(Stored data entries)
:::::
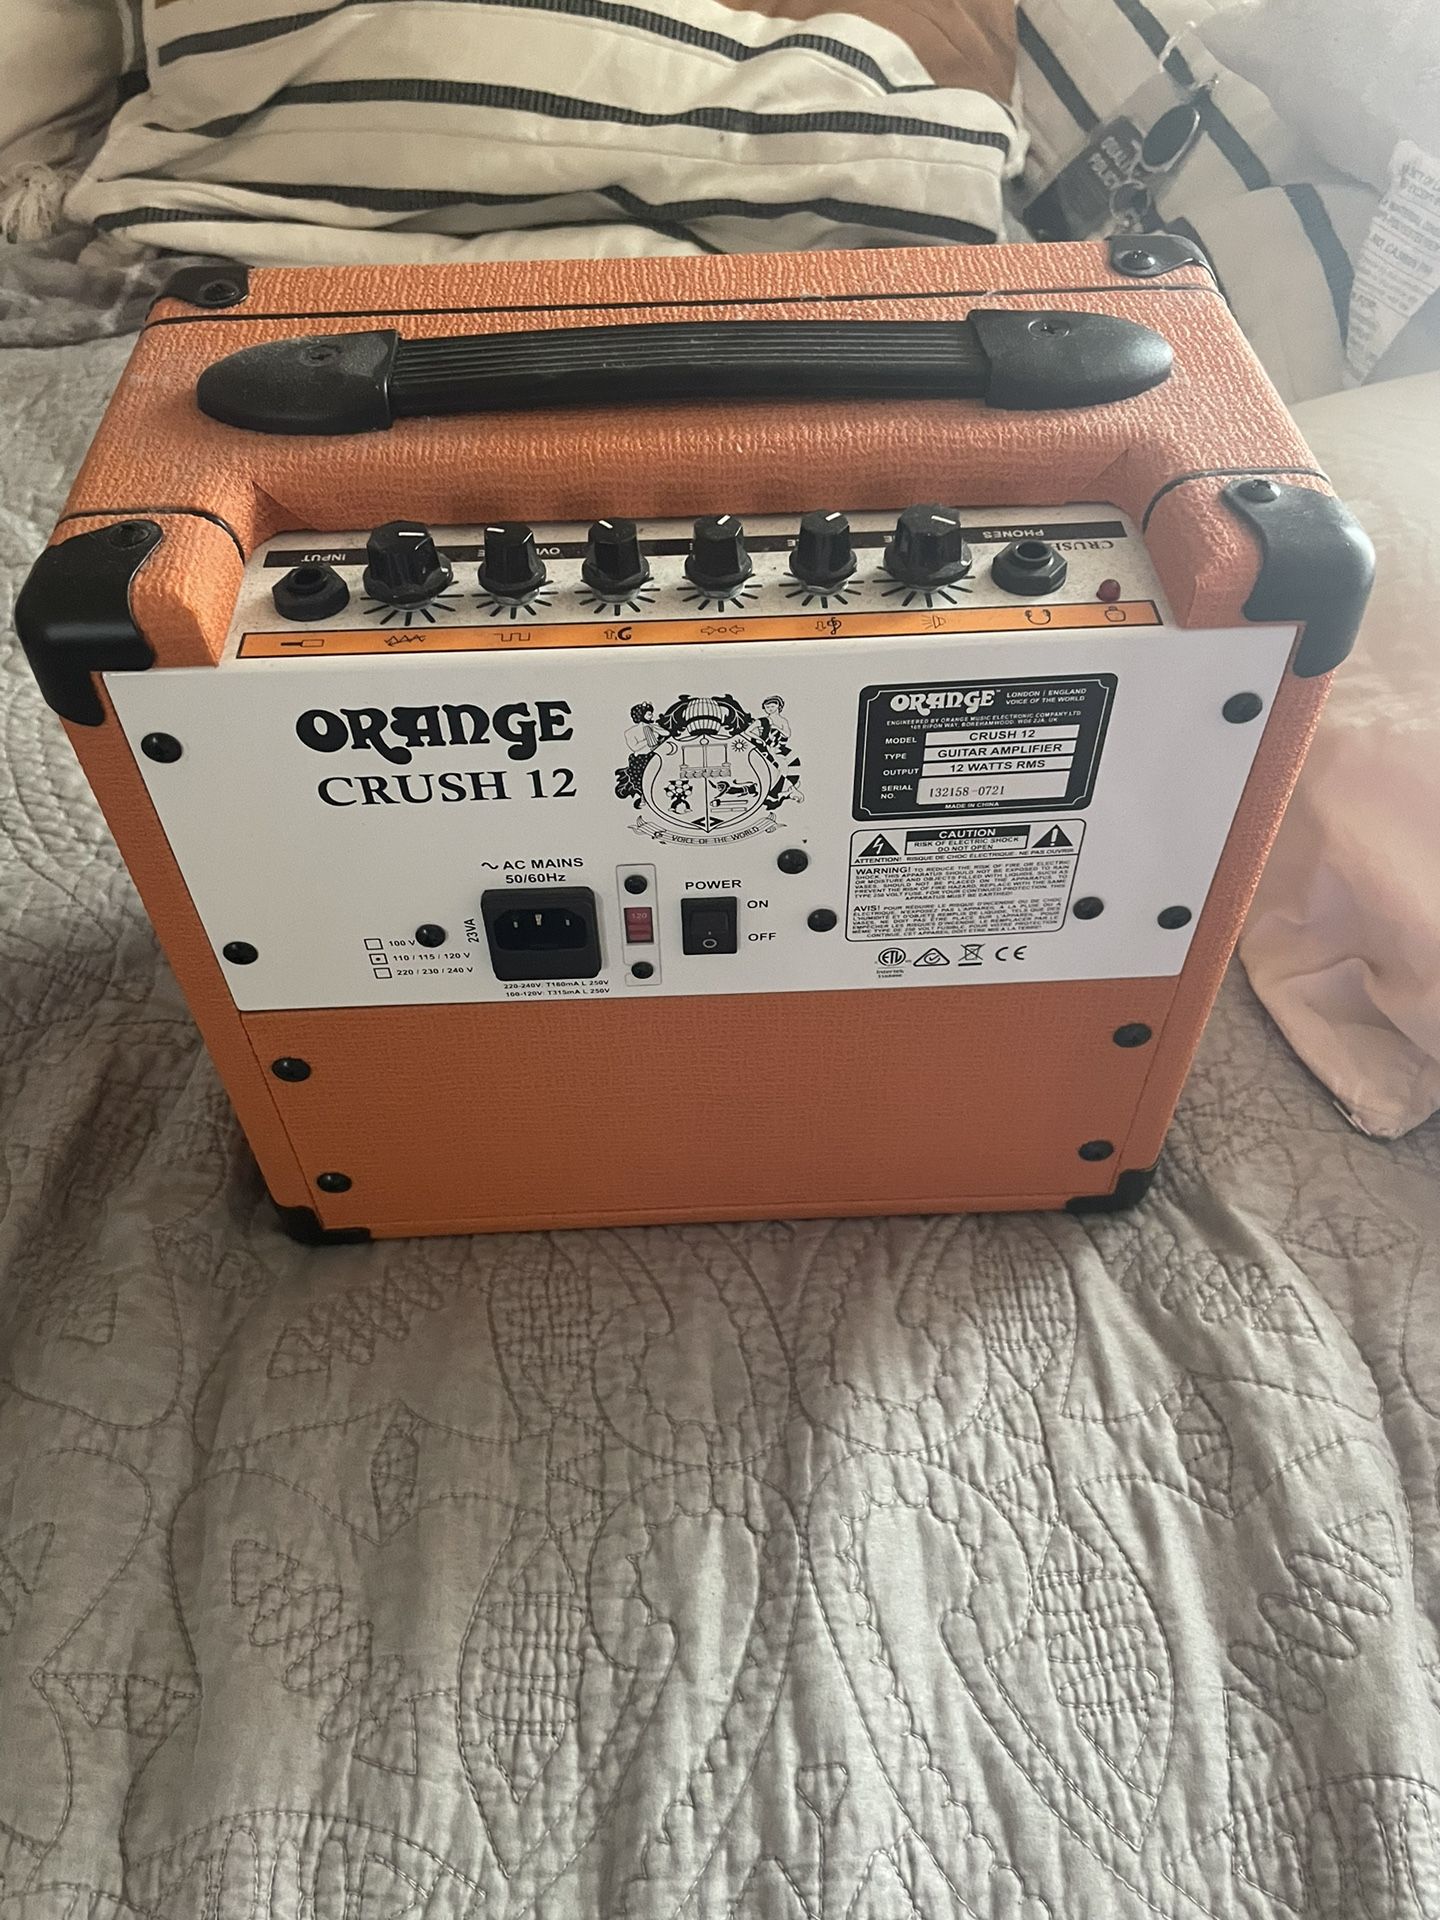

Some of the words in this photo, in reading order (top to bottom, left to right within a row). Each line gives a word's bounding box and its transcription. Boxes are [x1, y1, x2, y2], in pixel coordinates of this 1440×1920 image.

[982, 529, 1044, 538] PHONES
[301, 554, 346, 562] INPUT
[1006, 690, 1042, 698] LONDON
[1048, 688, 1087, 696] ENGLAND
[890, 690, 995, 716] ORANGE
[296, 700, 574, 764] ORANGE
[969, 730, 1016, 741] CRUSH
[1021, 729, 1035, 738] 12
[885, 736, 917, 744] MODEL
[938, 746, 988, 758] GUITAR
[990, 744, 1062, 756] AMPLIFIER
[950, 764, 964, 772] 12
[968, 761, 1012, 772] WATTS
[1016, 759, 1046, 769] RMS
[883, 767, 919, 776] OUTPUT
[318, 770, 512, 806] CRUSH
[526, 768, 577, 799] 12
[882, 784, 912, 792] SERIAL
[672, 834, 693, 844] VOICE
[730, 826, 760, 840] WORLD
[939, 828, 996, 839] CAUTION
[503, 860, 526, 870] AC
[531, 858, 584, 869] MAINS
[856, 866, 911, 876] WARNING!
[506, 873, 566, 884] 50/60Hz
[685, 879, 742, 890] POWER
[747, 900, 769, 909] ON
[464, 918, 479, 943] 23VA
[748, 932, 777, 942] OFF
:::::
PROBLEM -> Pictures aside, restate all of the entries exactly.

ANSWER FOR THIS EXERCISE ->
Some of the words in this photo, in reading order (top to bottom, left to right within a row). Each line gives a word's bounding box and its transcription. Boxes are [x1, y1, x2, y2], in pixel coordinates of this 1440×1920 image.

[982, 529, 1044, 538] PHONES
[301, 554, 346, 562] INPUT
[1006, 690, 1042, 698] LONDON
[1048, 688, 1087, 696] ENGLAND
[890, 690, 995, 716] ORANGE
[296, 700, 574, 764] ORANGE
[969, 730, 1016, 741] CRUSH
[1021, 729, 1035, 738] 12
[885, 736, 917, 744] MODEL
[938, 746, 988, 758] GUITAR
[990, 744, 1062, 756] AMPLIFIER
[950, 764, 964, 772] 12
[968, 761, 1012, 772] WATTS
[1016, 759, 1046, 769] RMS
[883, 767, 919, 776] OUTPUT
[318, 770, 512, 806] CRUSH
[526, 768, 577, 799] 12
[882, 784, 912, 792] SERIAL
[672, 834, 693, 844] VOICE
[730, 826, 760, 840] WORLD
[939, 828, 996, 839] CAUTION
[503, 860, 526, 870] AC
[531, 858, 584, 869] MAINS
[856, 866, 911, 876] WARNING!
[506, 873, 566, 884] 50/60Hz
[685, 879, 742, 890] POWER
[747, 900, 769, 909] ON
[464, 918, 479, 943] 23VA
[748, 932, 777, 942] OFF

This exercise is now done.